Guest poem submitted by TJ:
(Poem #1463) Song Five
 Let us live, my Lesbia, and let us love,
 and let us judge all the rumors of the old men
 to be worth just one penny!
 The suns are able to fall and rise:
 When that brief light has fallen for us,
 we must sleep a never ending night.
 Give me a thousand kisses, then another hundred,
 then another thousand, then a second hundred,
 then yet another thousand more, then another hundred.
 Then, when we have made many thousands,
 we will mix them all up so that we don't know,
 and so that no one can be jealous of us when he finds out
 how many kisses we have shared.
-- Gaius Valerius Catullus
I noticed that there wasn't any Catullus anywhere in the Archive, so I
thought that I'd toss some your way.  I include the Latin just in case
anybody is interested, there's a certain texture to the language that i
find wonderful.

 "Carmen Quinque"

 Vivamus mea Lesbia, atque amemus,
 rumoresque senum severiorum
 omnes unius aestimemus assis!
 soles occidere et redire possunt:
 nobis cum semel occidit brevis lux,
 nox est perpetua una dormienda.
 da mi basia mille, deinde centum,
 dein mille altera, dein secunda centum,
 deinde usque altera mille, deinde centum.
 dein, cum milia multa fecerimus,
 conturbabimus illa, ne sciamus,
 aut ne quis malus inuidere possit,
 cum tantum sciat esse basiorum.

        -- Gaius Valerius Catullus

I remember having to translate all of this stuff by myself in my high
school Latin class years ago.  At the time it was a chore, but now
looking at it just for the enjoyment, it's quite wonderful.  Poor
Catullus, he was always going back and forth on Lesbia, love to hate,
hate to love.  I highly recommend him for the conflicted sort.

Regards,
TJ.

[Biography]

Very little is objectively known of the life of Gaius Valerius Catullus.
It is believed that he was born in Verona in 84 B.C. to a wealthy and
well-connected family. Catullus' father was a friend of Julius Caesar.
He died in Rome in 54 B.C. at the age of thirty. From his poems it is
known that he went to Bithynia as an aide to the governor of that
province in 57-56 B.C. We also know from Cicero that Catullus was one of
the "neoteric" or new poets. Whereas the majority of poets in Rome at
that time produced epic poems, often commissioned by aristocratic
families, Catullus and other neoteric rejected the epic and its public
themes. The neoteric poets used colloquial language to write about
personal experience. Their poems are mostly smaller lyrics that are
characterized by wit and erudition. Aside from these facts, what is
known of the life of Catullus comes from the thoughts expressed in his
poems.

The knowledge of Catullus' poems comes from a single manuscript that
survived the Dark Ages. This manuscript was discovered in Verona in
around 1305 and disappeared again at the end of the century. Two copies
of it, however, were made and one survives in the Bodleian Library in
Oxford. The other copy, which was believed to be owned by Petrarch, was
also lost. The surviving copy contains 116 poems in three sections:
sixty shorter poems written mostly in Greek lyric meters, primarily
hendecasyllabic or eleven-syllable lines; eight long poems; and a set of
short epigrams.

The shorter poems are often extremely playful and personal. Catullus
speaks directly to his friends in a casual voice. For instance, the
dedication poem begins with the lines "To whom am I giving my charming,
new, little book / polished just now with the dry pumice stone? /
Cornelius, to you: for you were the one / who thought this rubbish was
something ..." The short lyrics are often funny, and on occasion
extremely crude. He also used these poems to explore the limits of
friendship and love. He wrote twenty-five poems to a woman he named
Lesbia, offering both erotic banter as well as heartbreak at her
infidelity and their eventual breakup. English poets such as Ben Jonson
and Christopher Marlowe wrote imitations of these poems, particularly
poem five, which begins "Let us live, my Lesbia, and let us love."

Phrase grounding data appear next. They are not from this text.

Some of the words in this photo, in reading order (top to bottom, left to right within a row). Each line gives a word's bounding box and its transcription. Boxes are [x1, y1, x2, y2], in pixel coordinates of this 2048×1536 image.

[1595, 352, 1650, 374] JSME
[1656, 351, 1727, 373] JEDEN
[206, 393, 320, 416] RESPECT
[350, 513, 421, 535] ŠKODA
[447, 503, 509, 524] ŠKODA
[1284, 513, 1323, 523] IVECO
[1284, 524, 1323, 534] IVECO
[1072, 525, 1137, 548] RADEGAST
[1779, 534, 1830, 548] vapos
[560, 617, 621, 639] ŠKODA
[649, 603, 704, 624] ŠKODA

The longer poems deal with many of the same concerns. They also
chronicle the death of his brother at Troy and Catullus' visit to his
grave. In this poem, Catullus speaks frankly of loss and the inability
to express such a loss. Many people consider it to be one of the finest
elegies ever written. The remaining group of poems consists of short
epigrams that offer satiric observations on the life in Rome.

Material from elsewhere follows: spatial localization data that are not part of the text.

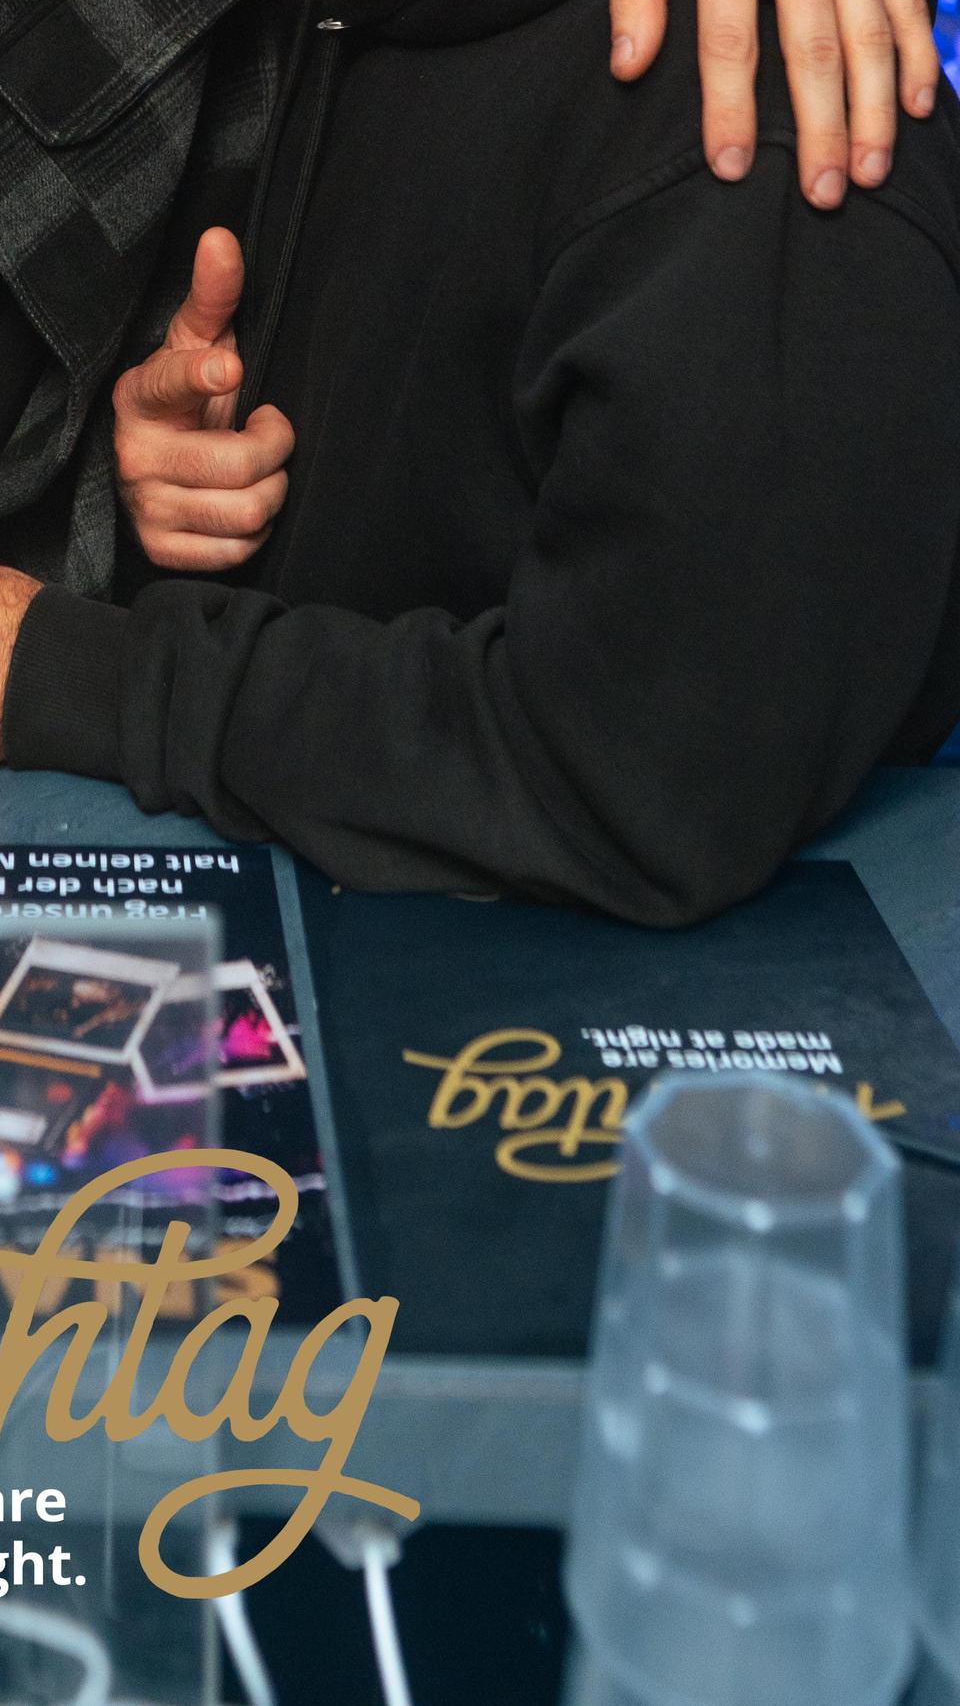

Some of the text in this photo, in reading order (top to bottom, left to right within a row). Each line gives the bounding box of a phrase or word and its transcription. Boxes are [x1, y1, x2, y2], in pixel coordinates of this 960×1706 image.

[28, 852, 155, 873] deinen
[165, 854, 240, 874] halt
[17, 876, 82, 897] der
[92, 877, 184, 898] nach
[581, 1024, 832, 1053] made at night.
[600, 1047, 844, 1075] Memories are

Although nearly lost, Catullus' poems had a profound impact on later
poets. This influence can be seen not only in Latin love poets such as
Horace or Ovid, but also in English Renaissance poets such as Robert
Herrick. John Milton spoke Catullus' "Satyirical sharpness, or naked
plainness." Catullus has also been praised as a lyricist by twentieth
century poets, and translated by writers as diverse as Thomas Campion,
William Wordsworth, and Louis Zukofsky.

        -- www.poets.org

[thomas adds]

While searching the web for background information on today's poem, I
discovered that Ben Jonson, Walter Raleigh and Thomas Campion have all
written their own poems inspired partly or wholly by Catullus' fifth
Song. I plan to run these 'spinoff' poems as a theme over the next week.

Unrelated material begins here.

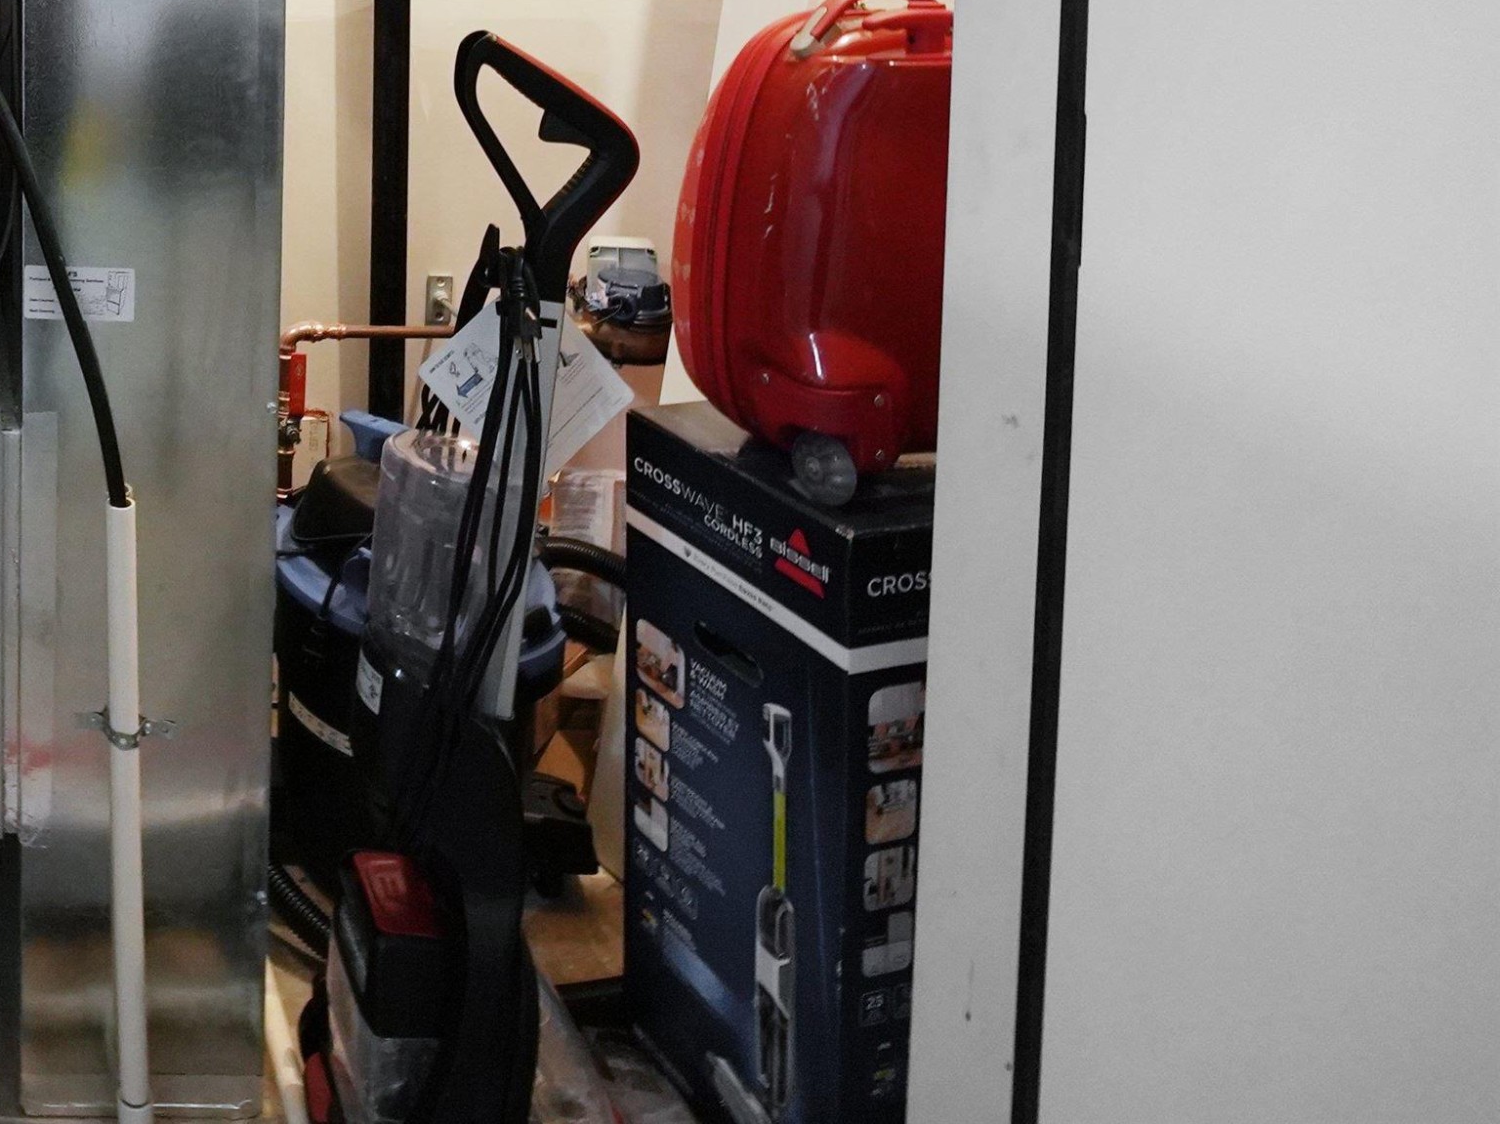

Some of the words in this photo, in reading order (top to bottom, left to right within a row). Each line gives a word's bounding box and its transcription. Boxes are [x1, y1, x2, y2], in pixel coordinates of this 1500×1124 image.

[633, 456, 726, 519] CROSSWAVE
[731, 513, 764, 546] HF3
[703, 514, 764, 560] CORDLESS
[866, 569, 931, 598] CROS

The 17th century poet Richard Crashaw also wrote a poem based on
Catullus, but where Jonson, Raleigh and Campion all use the original as
merely a starting point for their own excursions, Crashaw's version is a
literal (and somewhat dry) translation:

 Let us live, my Lesbia, and let us love,
 and let us count the opinion of censurious old men as a penny.
 Suns can set and rise again:
 our brief light only sets
 and then there is an endless night for sleeping.
 Give me a thousand kisses, then a hundred,
 then another thousand, and a second hundred,
 then a thousand and a hundred over and over again
 then when we will have kissed that many thousand times,
 even we will not know how many,
 and no one who wishes us ill because he is envious, can hold against us
 the kisses he cannot count.

        -- Gaius Valerius Catullus / tr. Richard Crashaw

thomas.

9 comments: ( or Leave a comment )

John K. Taber said...

Song five is also important historically. It (along with some
other classic poems) is the source of the pastoral. The
notion of carpe diem had tremendous appeal in the Renaissance.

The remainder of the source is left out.